Kisruh Iuran Tapera, DPR Minta Pemerintah Fokus pada 9,9 Juta 'Backlog' Perumahan
JAKARTA, investortrust.id - Diterbitkannya Peraturan Pemerintah (PP) Nomor 21 Tahun 2024 tentang Penyelenggaraan Tabungan Perumahan Rakyat (Tapera) menuai pro dan kontra. Menanggapi hal ini, Dewan Perwakilan Rakyat (DPR) meminta kepada pemerintah untuk mengkaji ulang PP tersebut.
Anggota Komisi V DPR, Suryadi Jaya Purnama, tidak memungkiri bahwa sudah menjadi kewajiban negara untuk menyediakan hunian yang layak. Apalagi dengan adanya 9,9 juta backlog perumahan.
Kendati demikian, Suryadi menjelaskan bahwa bukan berarti kewajiban tersebut lantas dibebankan terlalu besar kepada para pekerja dan pekerja mandiri.
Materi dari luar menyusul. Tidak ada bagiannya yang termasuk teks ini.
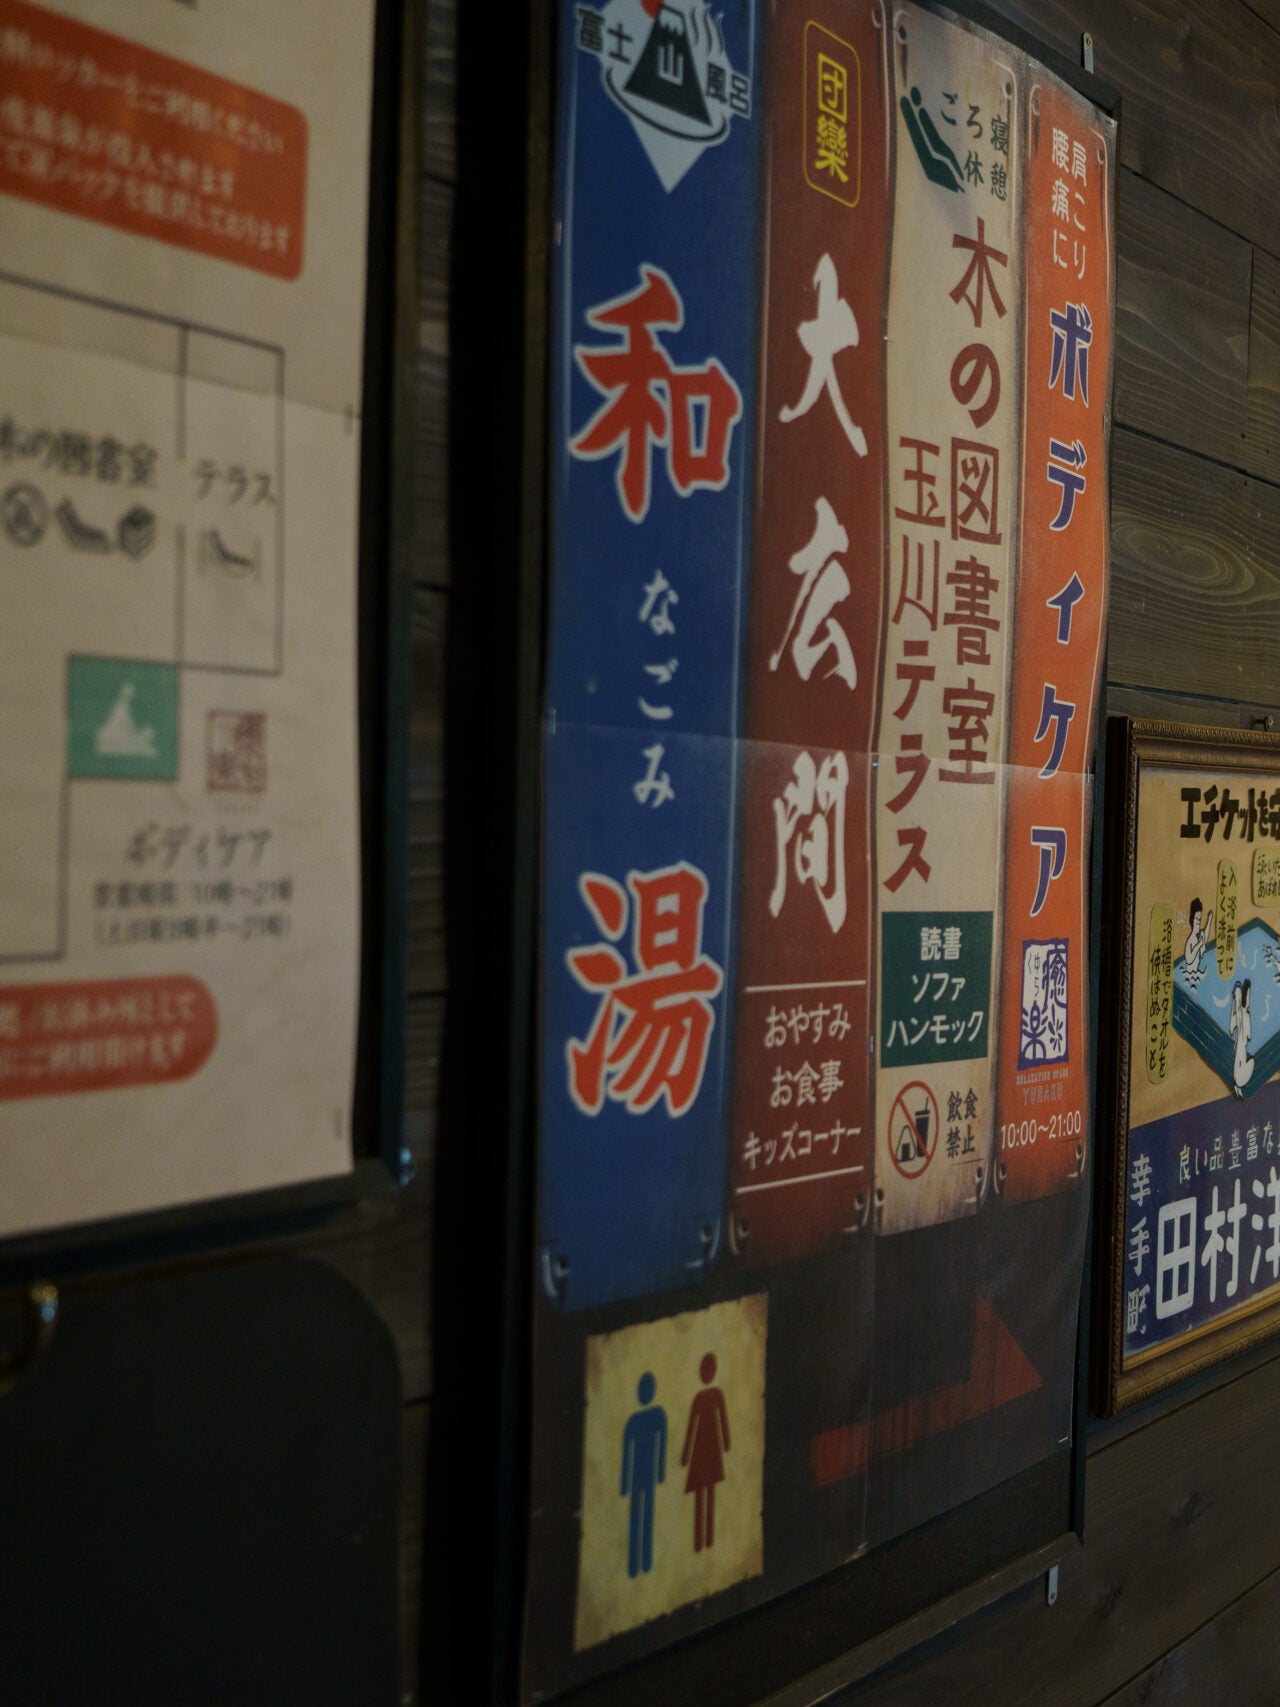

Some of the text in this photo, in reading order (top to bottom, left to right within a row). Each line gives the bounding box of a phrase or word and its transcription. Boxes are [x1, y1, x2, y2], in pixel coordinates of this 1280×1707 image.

[656, 42, 684, 87] 山
[815, 52, 849, 183] 団欒
[963, 150, 1008, 201] 休憩
[1051, 127, 1070, 269] 腰痛に
[1072, 140, 1088, 281] 肩こり
[567, 262, 743, 524] 和
[938, 216, 1009, 786] 木の図書室
[768, 252, 869, 934] 大広間
[631, 568, 681, 808] なごみ
[883, 436, 946, 894] 玉川テラス
[920, 926, 962, 961] 読書
[565, 860, 724, 1118] 湯
[911, 971, 966, 1004] ソファ
[764, 1003, 851, 1048] おやすみ
[886, 1010, 984, 1048] ハンモック
[770, 1059, 844, 1108] お食事
[946, 1088, 978, 1122] 飲食
[743, 1119, 862, 1170] キッズコーナー
[946, 1124, 976, 1158] 禁止
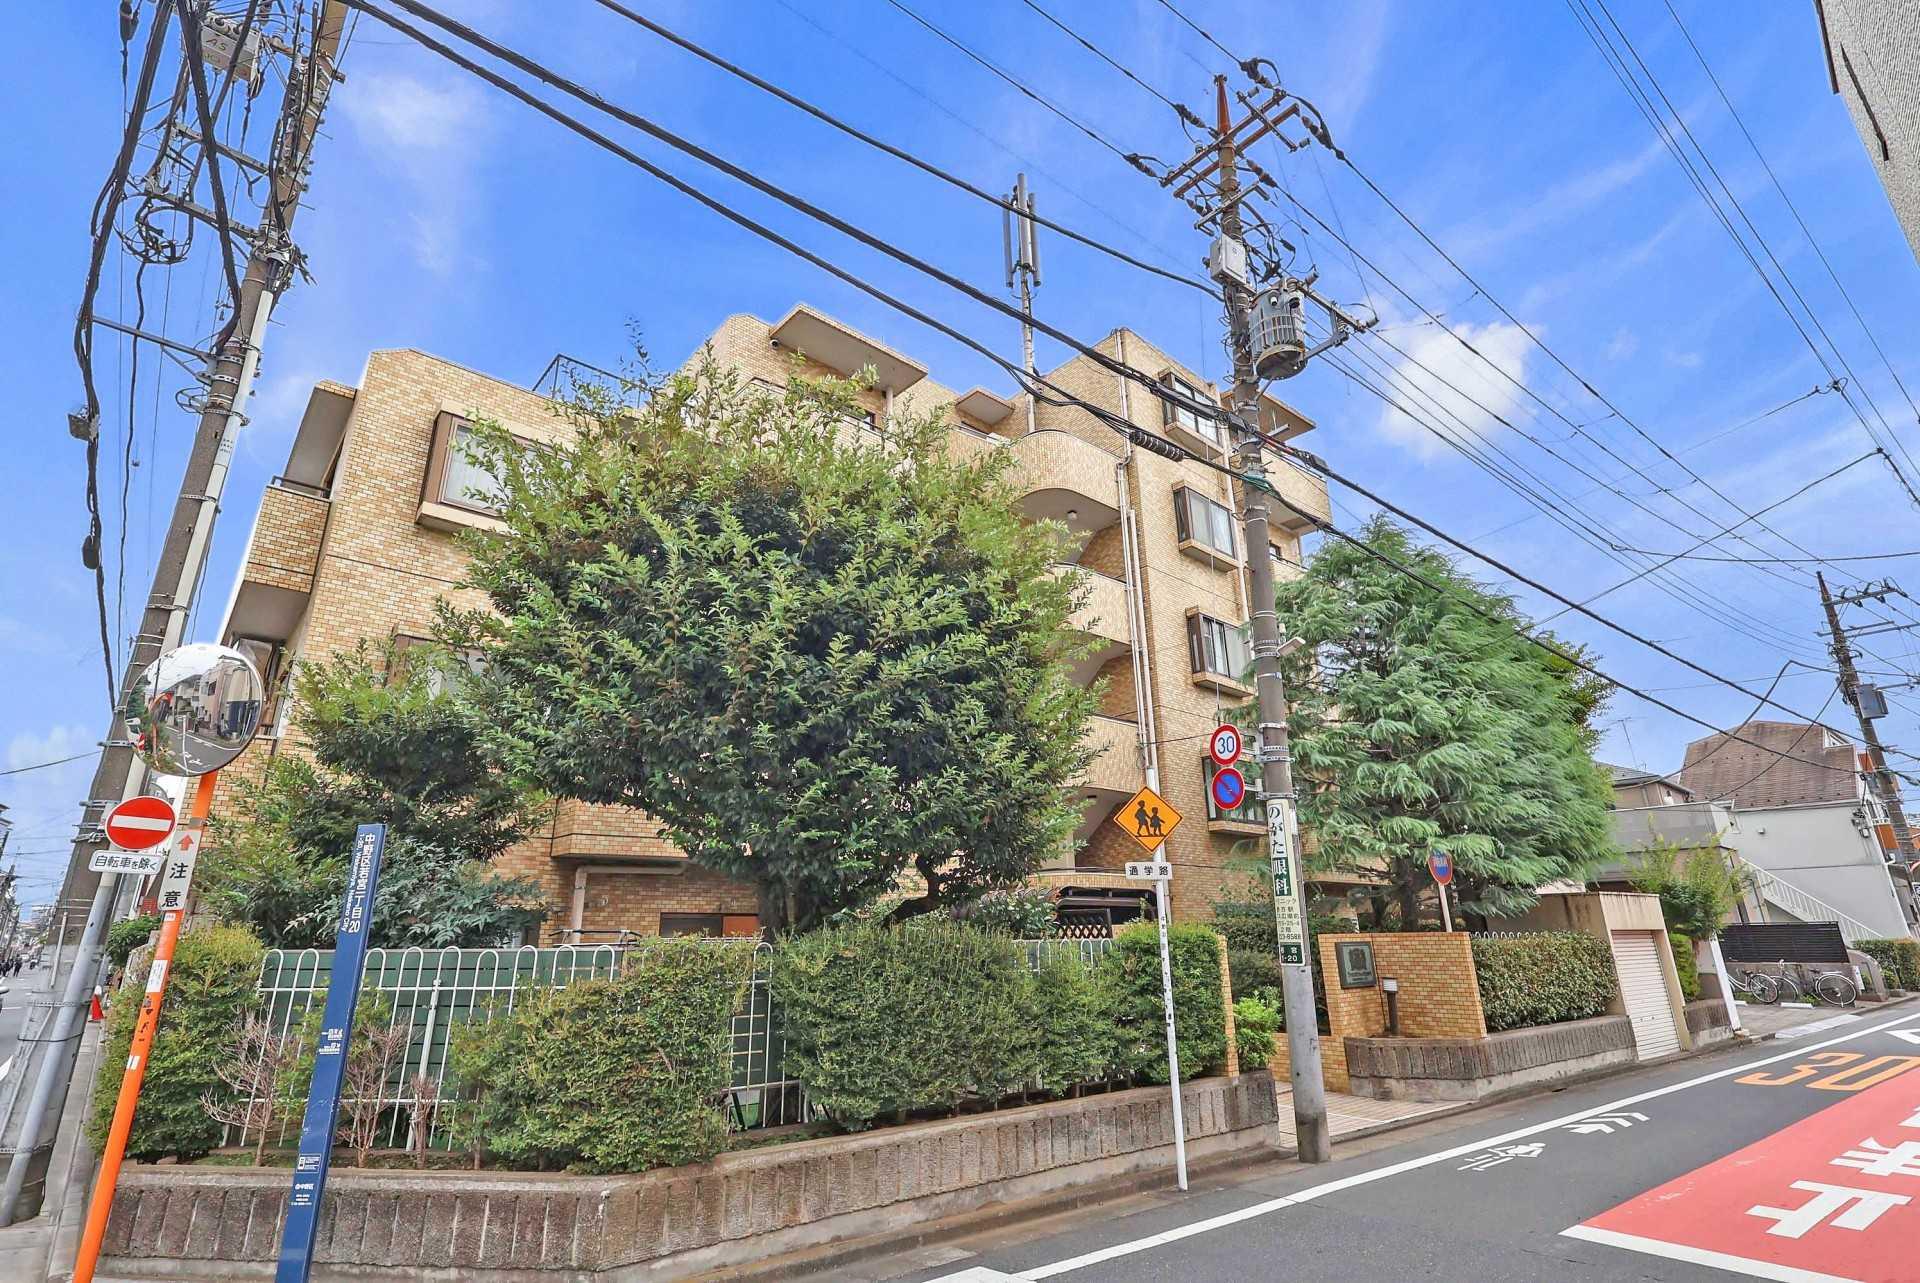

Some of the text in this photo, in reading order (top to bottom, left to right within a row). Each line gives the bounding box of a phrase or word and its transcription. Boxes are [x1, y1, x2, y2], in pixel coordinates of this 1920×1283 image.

[1217, 735, 1235, 754] 30
[94, 854, 158, 871] 自転車を除く
[1129, 865, 1168, 876] 通学路
[161, 862, 189, 908] 注意
[1734, 1052, 1920, 1091] 30
Disebutkan dalam Pasal 15 PP Tapera bahwa besaran simpanan peserta ditetapkan sebesar 3% dari gaji atau upah pekerja.
“Isu perumahan ini adalah isu sektoral dan sangat segmented. Memang ada 9,9 juta backlog perumahan, tapi bukan menjadi masalah sekitar 90 juta pekerja,” ujar Suryadi dalam acara Polemik yang disiarkan Trijaya FM, Sabtu (1/6/2024).
Baca Juga
Menurut Suryadi, pemerintah harusnya melokalisir dan fokus pada 9,9 juta backlog perumahan tersebut. Selain itu, ia juga mempertanyakan soal bentuk dari Tapera ini apakah berupa tabungan, simpanan, asuransi, atau investasi.
“Kalau ini investasi, sebagaimana di BP Tapera itu ada manajer investasinya. Bagaimana jaminan berapa persen? Kalau ini asuransi juga, ternyata tidak bisa diambil manfaatnya. Manfaatnya hanya bisa diambil nanti setelah pensiun usia 58 tahun. Ini yang jadi problem,” papar dia.
Maka dari itu, anggota DPR dari fraksi PKS tersebut meminta pemerintah untuk mengevaluasi PP dan Undang-Undang terkait Tapera tersebut. Menurutnya, pemerintah harus mengembalikan kepada spirit awal dan fokus untuk menutupi backlog perumahan.
“Fokus saja ke situ, mana yang bisa diselesaikan oleh pemerintah. Rumah tangga yang belum punya rumah, kita fokus di situ. Jangan mengganggu ketenangan para pekerja kita yang sudah dipotong gajinya, yang sudah punya rumah. Mungkin mereka sudah kredit. Jangan dibebankan lagi,” tandasnya.